A recent analysis based on insights from Vitrina's global tracking of film and TV production trends, encompassing various formats such as movies, feature films, TV series, animations, documentaries, scripted, and unscripted projects, shows that the global film and television industry experienced a moderate recovery in February 2025, following a slower-than-expected start to the year. While production activity remained varied across regions, the month signaled renewed confidence in the industry, with the EMEA region leading growth, the APAC market showing early signs of stabilization, and the Americas maintaining a steady output. Netflix and other major streaming platforms continued to play a crucial role in shaping production trends, investing in localized content to cater to evolving audience preferences.
The Europe, Middle East, and Africa region saw the most significant growth in February, fueled by a combination of government incentives, a rise in demand for Arabic content, and strategic industry events. Several European countries expanded their film tax rebate programs, attracting more international productions. The UK, Spain, and Italy, in particular, benefited from increased investment in local production infrastructure. With Ramadan approaching, there was a sharp increase in demand for Arabic-language content, particularly in the Middle East and North Africa region. Streaming platforms such as Netflix ramped up production to cater to this audience, commissioning new series and acquiring exclusive regional content. The annual London Screenings event helped drive production interest, particularly in scripted series and documentary projects. The event facilitated key industry networking and deal-making, leading to new projects in development.
The Asia-Pacific region saw a four percent month-over-month increase in production activity, signaling a cautious yet positive trend. Although challenges remain, February marked the beginning of a potential turnaround. Several studios and networks resumed financing and commissioning halted projects, reflecting renewed confidence in content investment. India and South Korea continued to be the driving forces behind the region’s production rebound. Bollywood saw increased activity in both domestic and international co-productions, while South Korea maintained strong output due to its global K-drama influence. Streaming platforms such as Netflix and Disney+ remained key players in these markets, investing in high-quality content to meet global demand. While China remains a major player, its film and television industry is still grappling with regulatory changes and shifting audience preferences, resulting in a slower recovery rate than other Asia-Pacific markets.
Production levels in North and South America remained steady throughout February. While no explosive growth was reported, the market’s stability suggests resilience and long-term sustainability. A key highlight was the emergence of Texas as a new production hotspot. The state’s expanded film incentives and competitive cost structures have attracted productions away from traditional hubs like California and Georgia. Mexico and Colombia continued to maintain a healthy production pace, driven by streaming platforms investing in localized content for Spanish-speaking audiences. While Hollywood’s production remained steady, there was increased interest in indie projects and lower-budget productions, as major studios continued to evaluate their content investment strategies. Netflix maintained its dominant position in the U.S. market, balancing between high-budget productions and more cost-effective content to maximize subscriber retention.
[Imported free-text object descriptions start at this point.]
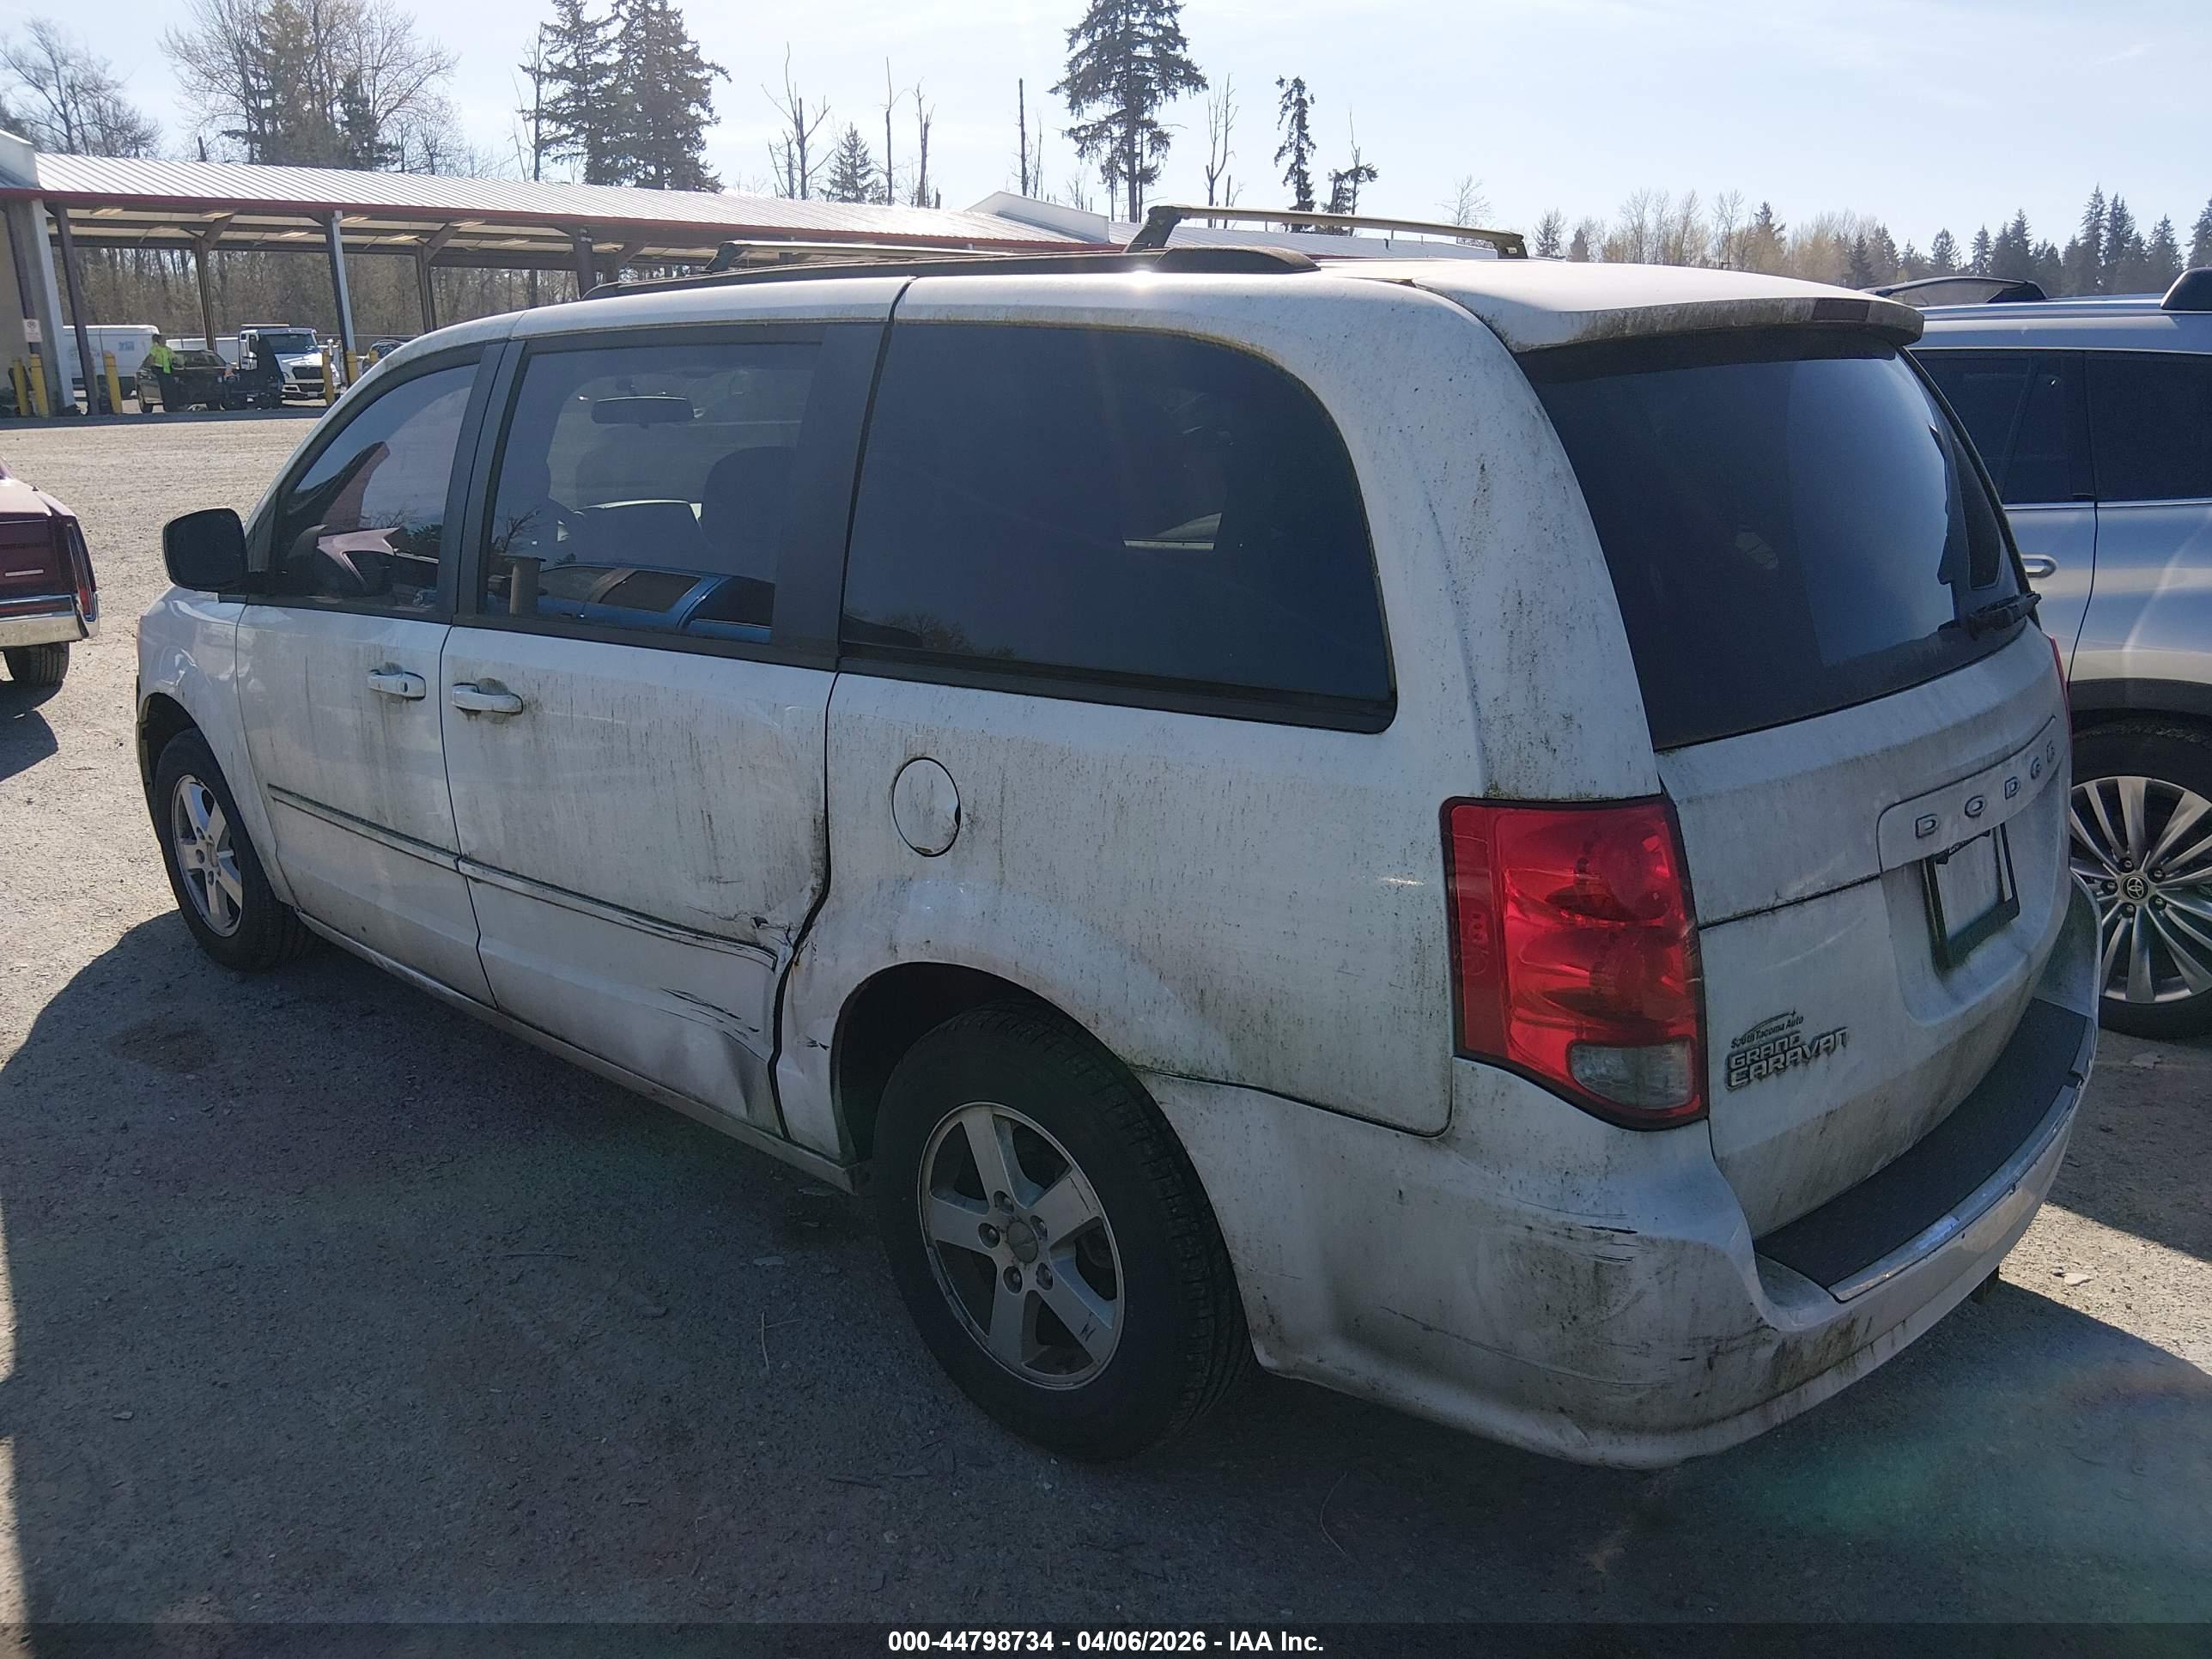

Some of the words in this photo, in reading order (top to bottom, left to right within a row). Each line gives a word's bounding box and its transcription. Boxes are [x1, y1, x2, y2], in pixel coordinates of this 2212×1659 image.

[1729, 1032, 1802, 1070] GRAND
[1731, 1035, 1755, 1048] South
[1755, 1024, 1785, 1040] Tacoma
[1785, 1016, 1804, 1030] Auto
[1728, 1028, 1848, 1089] CARAVAN
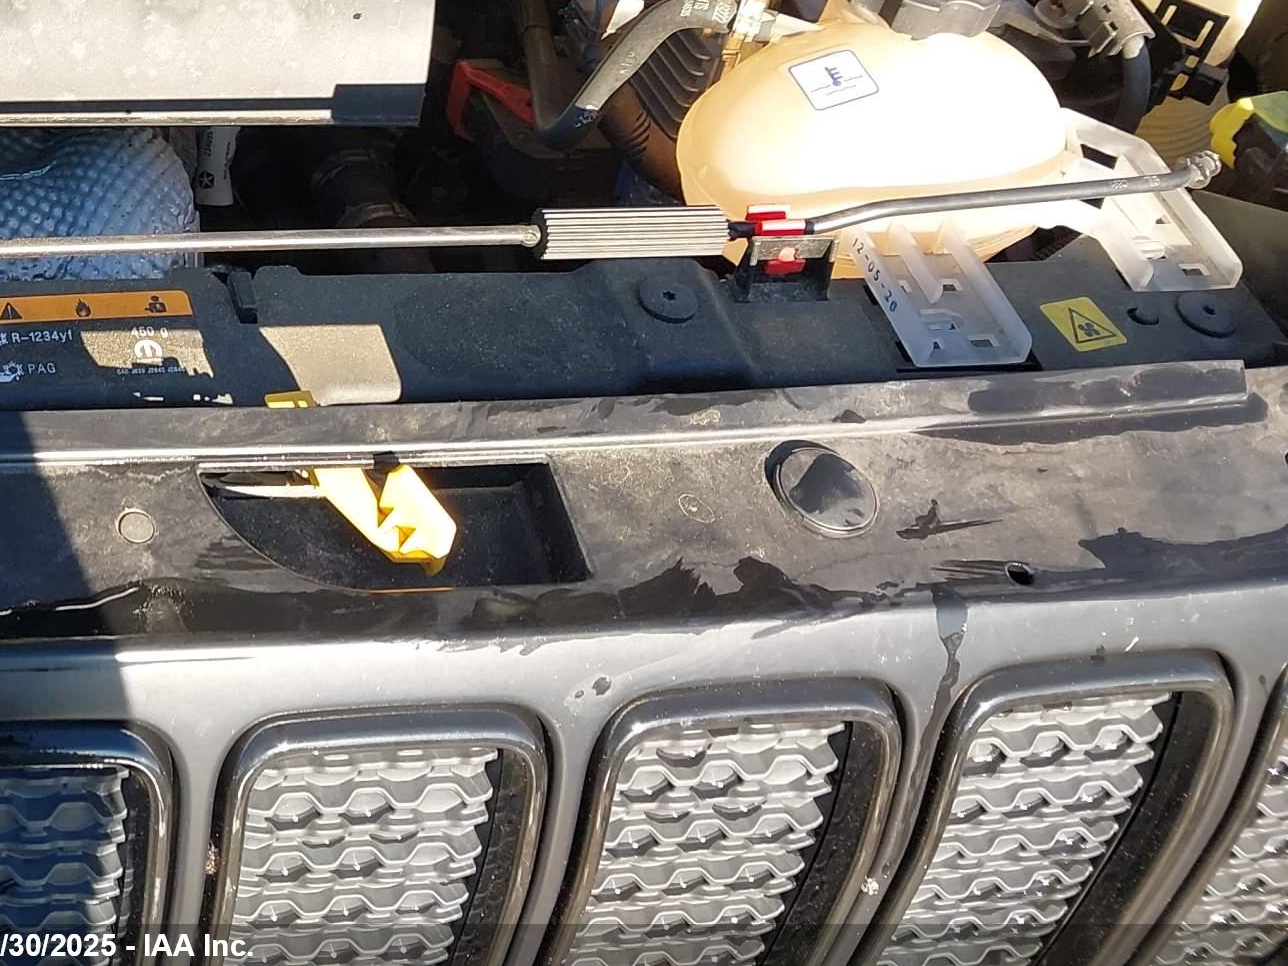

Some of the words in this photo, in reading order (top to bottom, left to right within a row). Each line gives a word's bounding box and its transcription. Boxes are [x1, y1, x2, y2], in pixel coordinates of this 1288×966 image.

[852, 238, 898, 312] 12-05-20
[130, 326, 154, 339] 450
[27, 363, 56, 374] PAG
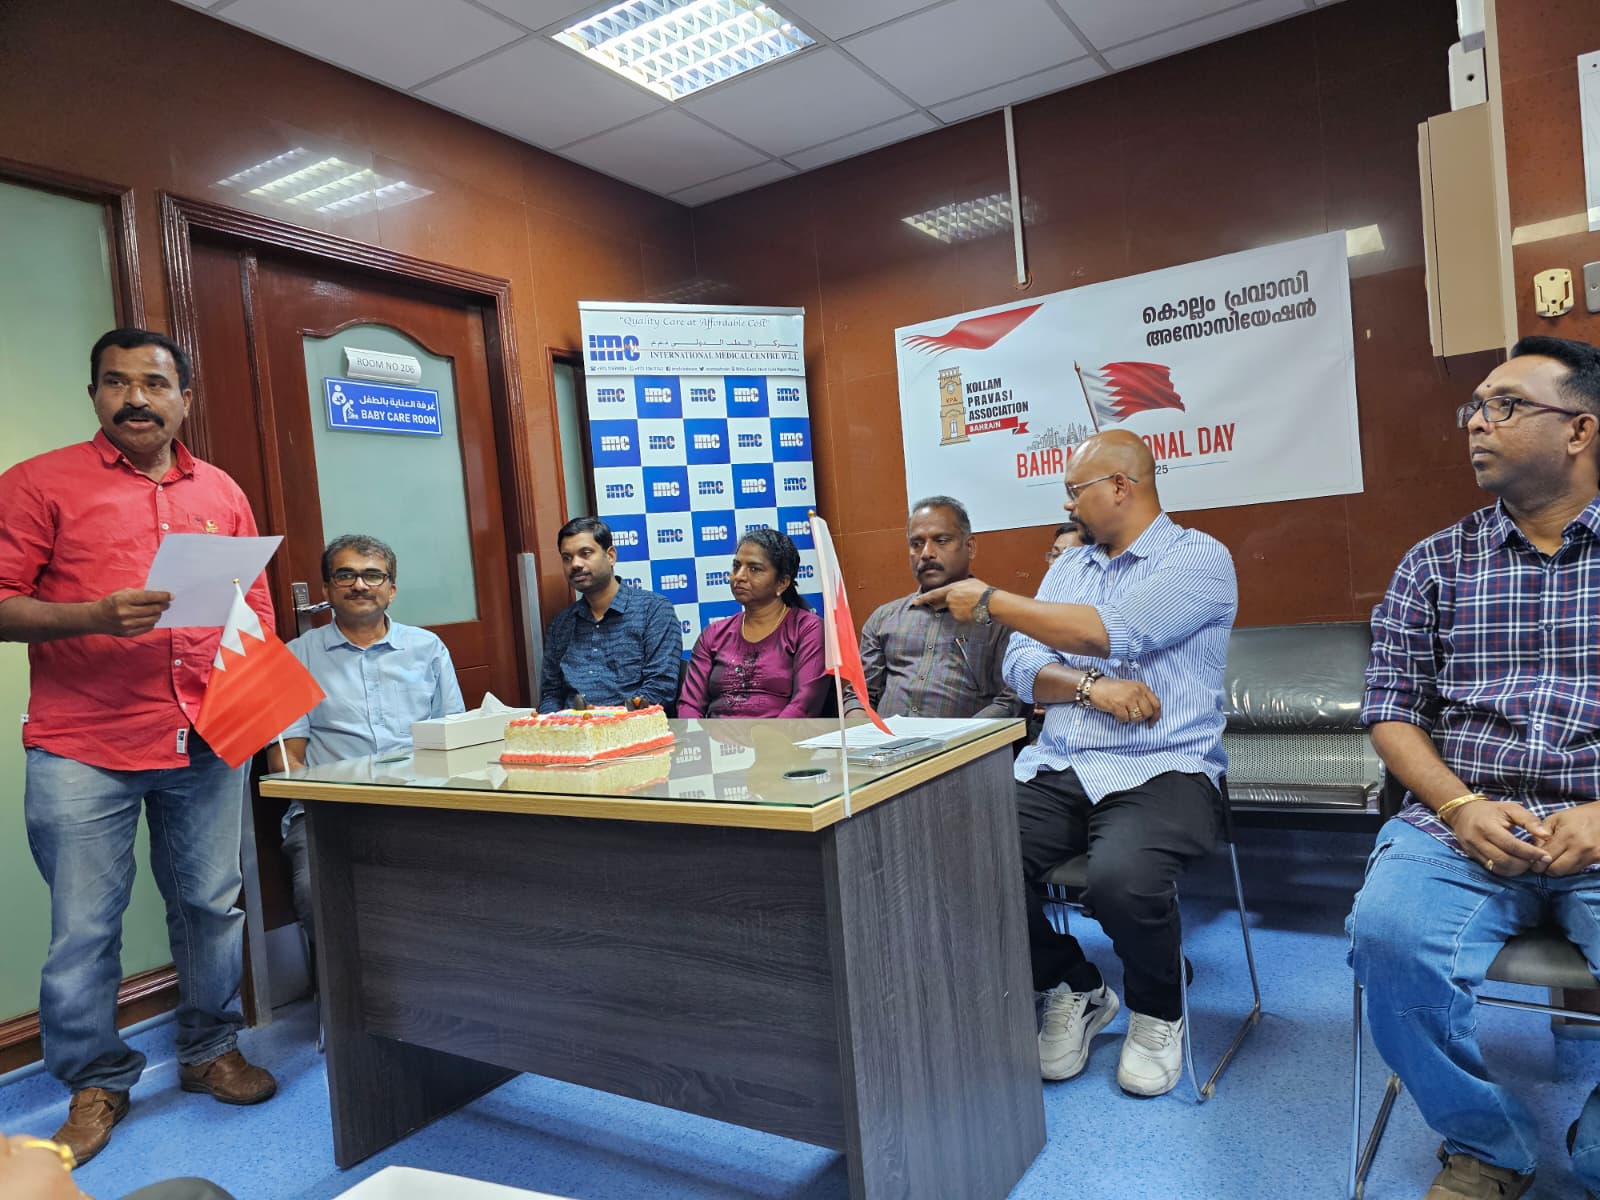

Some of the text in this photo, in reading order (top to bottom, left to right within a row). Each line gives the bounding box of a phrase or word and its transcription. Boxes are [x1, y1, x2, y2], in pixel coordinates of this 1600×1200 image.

[1143, 270, 1309, 325] കൊല്ലം പ്രവാസി
[663, 318, 684, 326] Care
[357, 357, 384, 369] ROOM
[386, 361, 399, 371] NO
[650, 351, 714, 360] INTERNATIONAL
[715, 352, 750, 360] MEDICAL
[750, 352, 781, 360] CENTRE
[966, 377, 1002, 394] KOLLAM
[359, 395, 436, 412] غرفة العناية بالطفل
[967, 389, 1013, 408] PRAVASI
[361, 409, 437, 425] BABY CARE ROOM
[968, 401, 1029, 421] ASSOCIATION
[969, 420, 1001, 433] BAHRAIN
[1197, 422, 1235, 455] DAY
While February's growth was measured, the signs of recovery indicate a cautiously optimistic outlook for the global film and television industry. Moving forward, several factors will shape the market. Countries with attractive tax breaks and financial incentives will continue to draw in productions. The ongoing shift between streaming platforms and traditional TV networks will influence content investment strategies. Changing viewer preferences, particularly the demand for regional and localized content, will drive production decisions. The global production landscape remains dynamic, with economic conditions, technological advancements, and industry events playing a crucial role in its evolution. As we move further into 2025, stakeholders in the film and TV sector will need to stay agile, adapting to new trends and market realities.